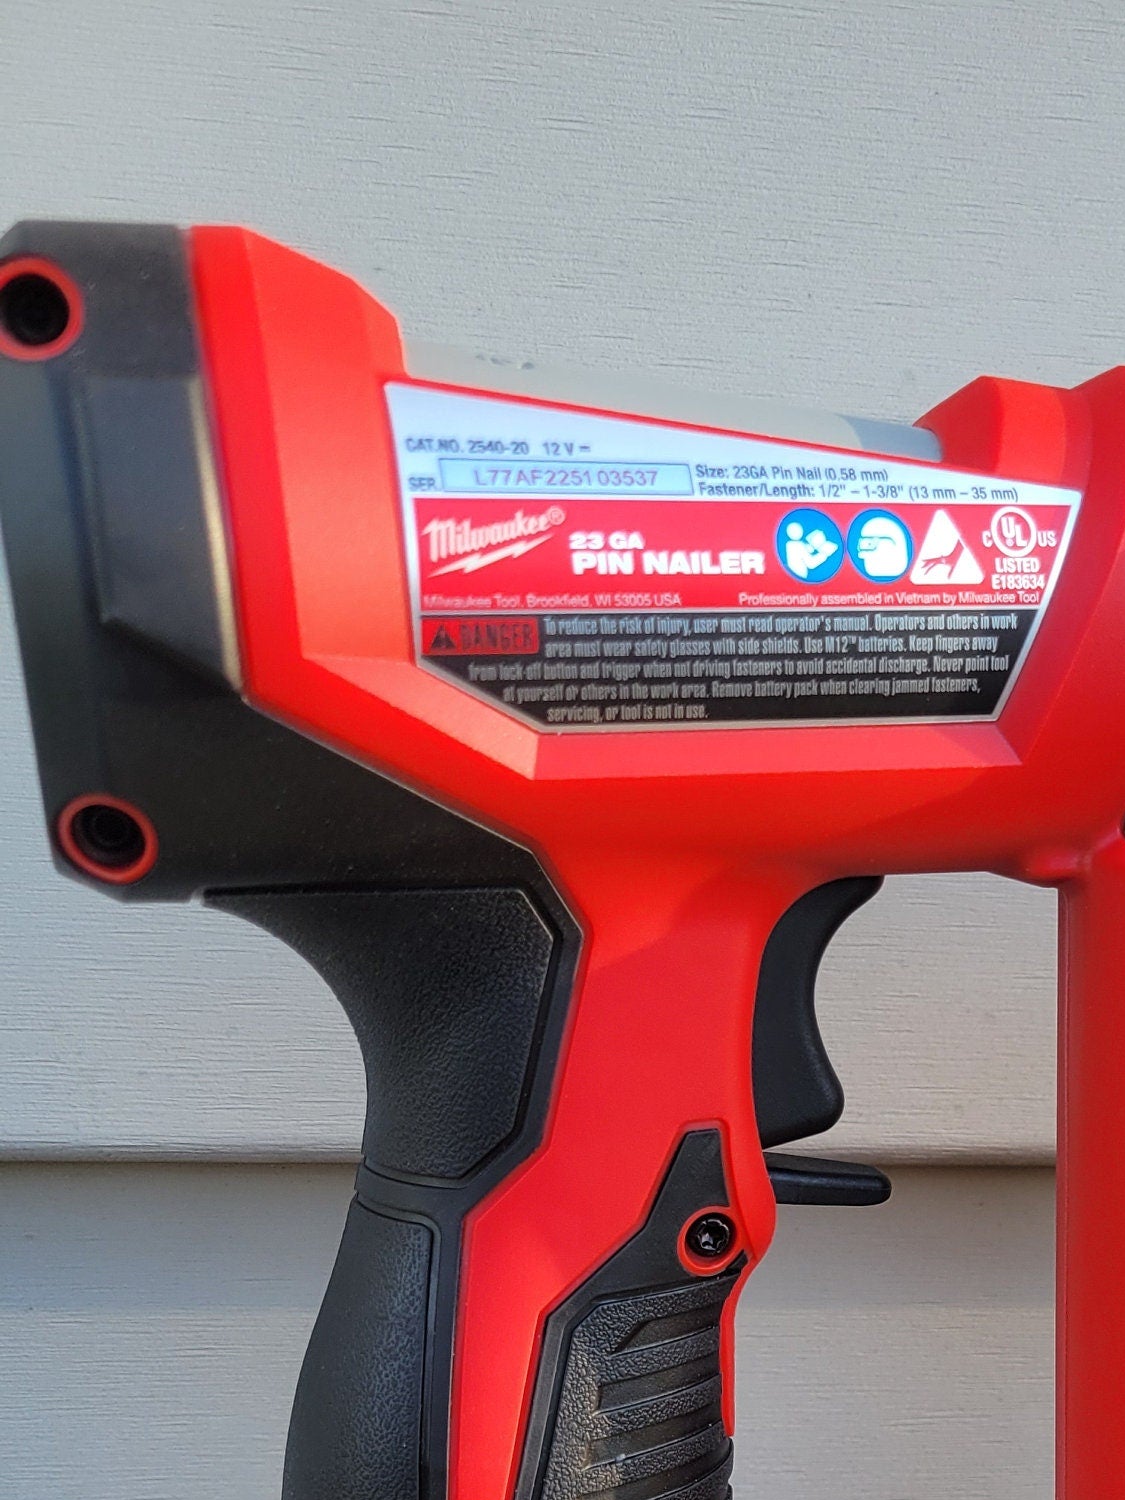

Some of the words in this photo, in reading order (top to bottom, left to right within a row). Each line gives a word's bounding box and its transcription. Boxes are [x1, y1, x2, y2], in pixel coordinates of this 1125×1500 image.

[468, 440, 530, 455] 2540-20
[543, 442, 561, 456] 12
[563, 442, 574, 456] V
[695, 464, 730, 478] Size:
[733, 465, 769, 479] 23GA
[771, 466, 793, 480] Pin
[796, 466, 822, 481] Nail
[825, 467, 858, 482] (0.58
[860, 469, 889, 482] mm)
[698, 481, 816, 500] Fastener/Length:
[818, 484, 846, 498] 1/2"
[863, 485, 904, 499] 1-3/8"
[909, 485, 929, 501] (13
[932, 488, 957, 499] mm
[971, 487, 987, 500] 35
[991, 488, 1019, 502] mm)
[569, 532, 603, 549] 23
[608, 532, 644, 549] GA
[571, 552, 634, 575] PIN
[643, 551, 765, 575] NAILER
[995, 557, 1040, 573] LISTED
[991, 574, 1045, 590] E183634
[595, 593, 611, 606] WI
[615, 593, 651, 606] 53005
[654, 593, 682, 606] USA
[738, 593, 818, 607] Professionally
[821, 592, 883, 605] assembled
[884, 592, 894, 605] in
[895, 592, 941, 605] Vietnam
[943, 592, 957, 607] by
[959, 591, 1016, 604] Milwaukee
[1017, 590, 1040, 604] Tool
[544, 617, 556, 635] To
[558, 617, 598, 634] reduce
[600, 617, 617, 634] the
[619, 617, 642, 634] risk
[644, 617, 655, 634] of
[656, 617, 692, 637] injury,
[693, 618, 718, 633] user
[721, 617, 746, 633] must
[749, 616, 773, 633] read
[775, 616, 831, 635] operator's
[834, 615, 873, 632] manual.
[874, 614, 926, 634] Operators
[927, 614, 945, 630] and
[946, 613, 979, 630] others
[980, 613, 990, 630] in
[991, 613, 1018, 630] work
[460, 623, 533, 650] DANGER
[545, 642, 572, 657] area
[574, 641, 601, 657] must
[603, 641, 632, 656] wear
[634, 639, 667, 658] safety
[670, 638, 711, 658] glasses
[713, 638, 736, 655] with
[738, 637, 760, 655] side
[762, 637, 802, 654] shields.
[804, 636, 823, 654] Use
[858, 635, 907, 652] batteries.
[909, 635, 933, 654] Keep
[935, 635, 970, 653] fingers
[972, 636, 999, 653] away
[543, 661, 578, 680] button
[580, 661, 600, 679] and
[602, 660, 641, 681] trigger
[643, 659, 672, 678] when
[674, 660, 691, 677] not
[693, 659, 731, 678] driving
[733, 659, 782, 676] fasteners
[784, 659, 794, 675] to
[796, 658, 824, 675] avoid
[825, 656, 877, 674] accidental
[878, 656, 931, 675] discharge.
[933, 655, 964, 672] Never
[965, 655, 989, 674] point
[990, 655, 1010, 671] tool
[503, 684, 515, 701] at
[517, 683, 564, 704] yourself
[565, 685, 578, 700] or
[581, 683, 617, 700] others
[619, 682, 629, 699] in
[631, 682, 648, 699] the
[650, 681, 679, 699] work
[681, 682, 710, 698] area.
[712, 680, 753, 698] Remove
[755, 680, 792, 699] battery
[794, 680, 818, 698] pack
[820, 679, 847, 696] when
[849, 677, 889, 696] clearing
[891, 677, 930, 696] jammed
[931, 676, 981, 694] fasteners,
[547, 705, 602, 723] servicing,
[604, 706, 618, 720] or
[621, 705, 641, 720] tool
[643, 704, 653, 719] is
[655, 704, 672, 719] not
[674, 704, 684, 718] in
[686, 704, 709, 719] use.
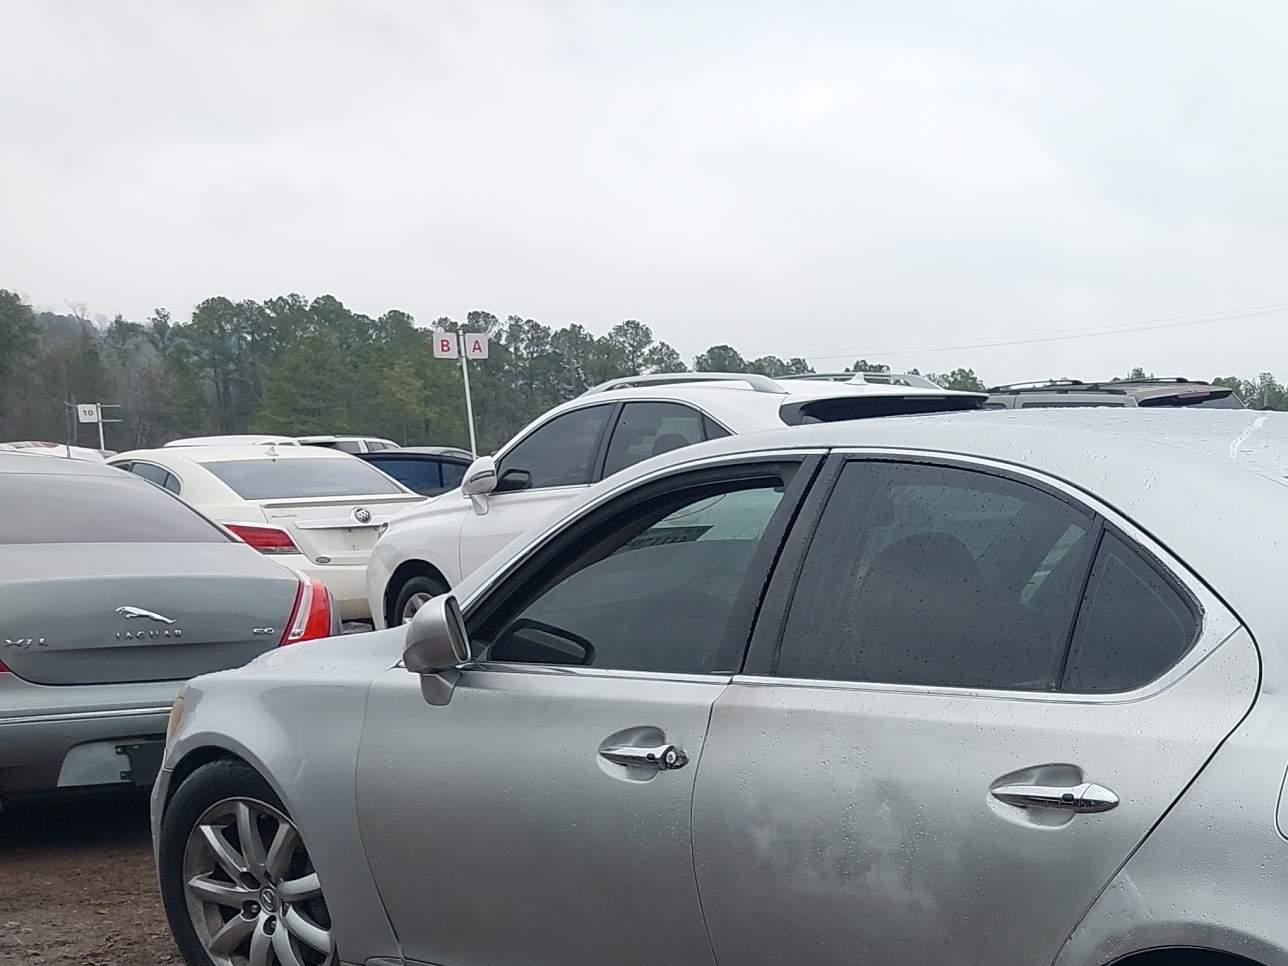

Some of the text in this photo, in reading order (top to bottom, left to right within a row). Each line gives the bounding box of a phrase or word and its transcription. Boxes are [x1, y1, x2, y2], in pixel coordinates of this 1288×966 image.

[440, 339, 451, 353] B
[472, 339, 483, 353] A
[82, 409, 94, 417] 10
[115, 628, 184, 640] JAGUAR

-----

Problem to solve -
Repeat, exactly as they stand, the line that contains "Some of the text" and all the lines after it in the data above.

Output -
Some of the text in this photo, in reading order (top to bottom, left to right within a row). Each line gives the bounding box of a phrase or word and its transcription. Boxes are [x1, y1, x2, y2], in pixel coordinates of this 1288×966 image.

[440, 339, 451, 353] B
[472, 339, 483, 353] A
[82, 409, 94, 417] 10
[115, 628, 184, 640] JAGUAR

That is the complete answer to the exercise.